My Movie List - Eric Swanson
February 22, 2008
Eric Swanson has been a close friend ever since I let him copy off of my Algebra papers. Now, he runs through blogs like they’re cordwood, starting and killing at least five in the past three years, including “Letters to Keith Law,” “Letters to Famous Nouns,” and countless others that have been lost to the blogosphere dunk tank. He also plays guitar.
I was going to do a list of my ten favorite movie characters, but everybody knows that Walter Sobchak (The Big Lebowski) and Doc Holliday (Tombstone) are sweet. So I’m not doing that. Here’s something I really know and love: my top ten movies that some people think suck, but are actually great (a.k.a. awesomely bad).
These are in no particular order, except for number one.
1. Point Break - Oh man what a great movie. Seriously, I think that the best five dollars I have ever spent was on a copy of this movie at Target. Too many great things to mention and we’ve all seen it, so I won’t add more.
Hard to pick my favorite quote but here goes.
Johnny Utah - “I’M AN FBI AGENT!”
2. Red Dawn - I have often wished that I could watch this movie for the first time again. When the Commies parachute in and start blowing kids and teachers away- pure cinema gold!
The quote was easy for this one.
Various - “WOLVERINES!”
3. National Treasure - I saw this movie in the cheap theater and it is awesome. I don’t know what it is about Nic Cage, but I am willing to watch him go through the most ridiculous situations (see also #s 4 and 7)

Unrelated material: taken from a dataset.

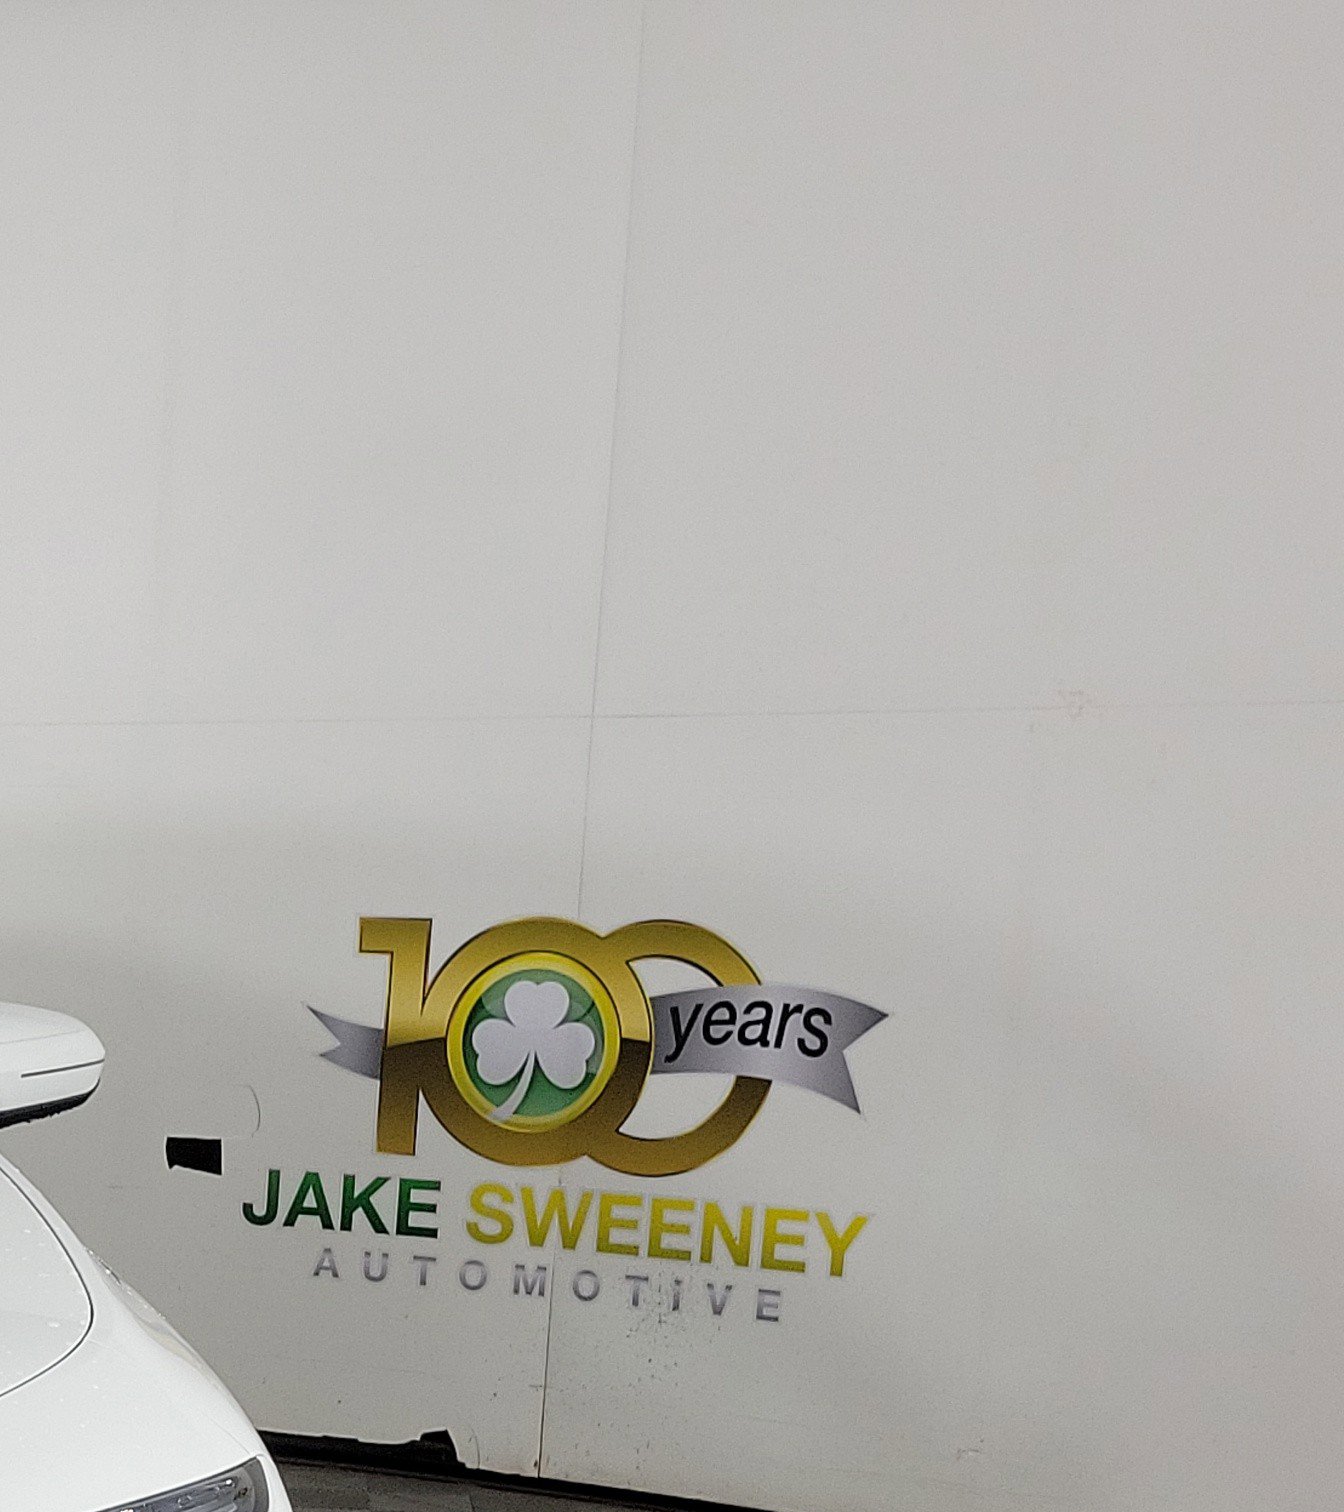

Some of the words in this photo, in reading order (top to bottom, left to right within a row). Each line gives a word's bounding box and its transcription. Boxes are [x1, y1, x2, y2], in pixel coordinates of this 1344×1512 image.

[359, 916, 772, 1176] 100
[664, 1000, 832, 1063] years
[242, 1169, 441, 1239] JAKE
[465, 1183, 868, 1277] SWEENEY

Alyson and I laughed out loud in the theater at this quote.
Young Ben Gates - “Are we knights?”
4. Face/Off - This movie would have been an easy pick for number one if not for Point Break. Nic Cage Rulz (when he’s in action movies). I gonna take a break here and watch this movie.
Lots of sweet quotes including Travolta being lame, but I like this one
Dietrich - “Hey Sean, How’s your dead son?”
5. The Rundown - People laugh at me when I tell them this movie is sweet. Then, The Rock takes out a building with his shoulder. ‘Nuff said.
Quote
The Rock’s shoulder - “BOOM!” (building falls down.)
6. Bloodsport - What needs to be said about this movie? Not a lot. Frank Dux enters a fighting tournament called The Kumite and fights a bunch of weird guys.
Quote
Some Weird looking guy - “OK USA”
7. Con Air - Nic Cage is sweet and this movie also has Steve Buscemi, Ving Rhames, John Cusak, John Malkovich and even Dave Chapelle. Plus, the plane totally drags a Corvette through the air and takes out the Hard Rock Cafe. C’mon, you can’t argue with that.
Quote
Cameron Poe - “Put..the bunny…back…in the box”
8. The Running Man - Arnold is forced to enter a future game show where prisoners run from weird gladiator types, including a lite-brite guy! And Richard Dawson is in it!
Quote
Ben Richards - “I’m not into politics, I’m into survival.”
9. The Mummy - I couldn’t decide whether to include this, or Bad Boys 2. I like this one a little better, so I went with this. It’s awesome and it’s funny in a bad movie kind of way. Brendan Fraser: not just Encino Man anymore.
Quote -
Evelyn - You were actually at Hamunaptra?
Rick - Yeah, I was there.
Evelyn - You swear?
Rick - Every damn day.
10. They Live - Rowdy Roddy Piper finds special sunglasses that allow him to see which people are aliens as well as the subliminal messages they have put all around us. What more can I say?
Quote
Nada - I’m giving you a choice: either put on these glasses or start eatin’ that trash can.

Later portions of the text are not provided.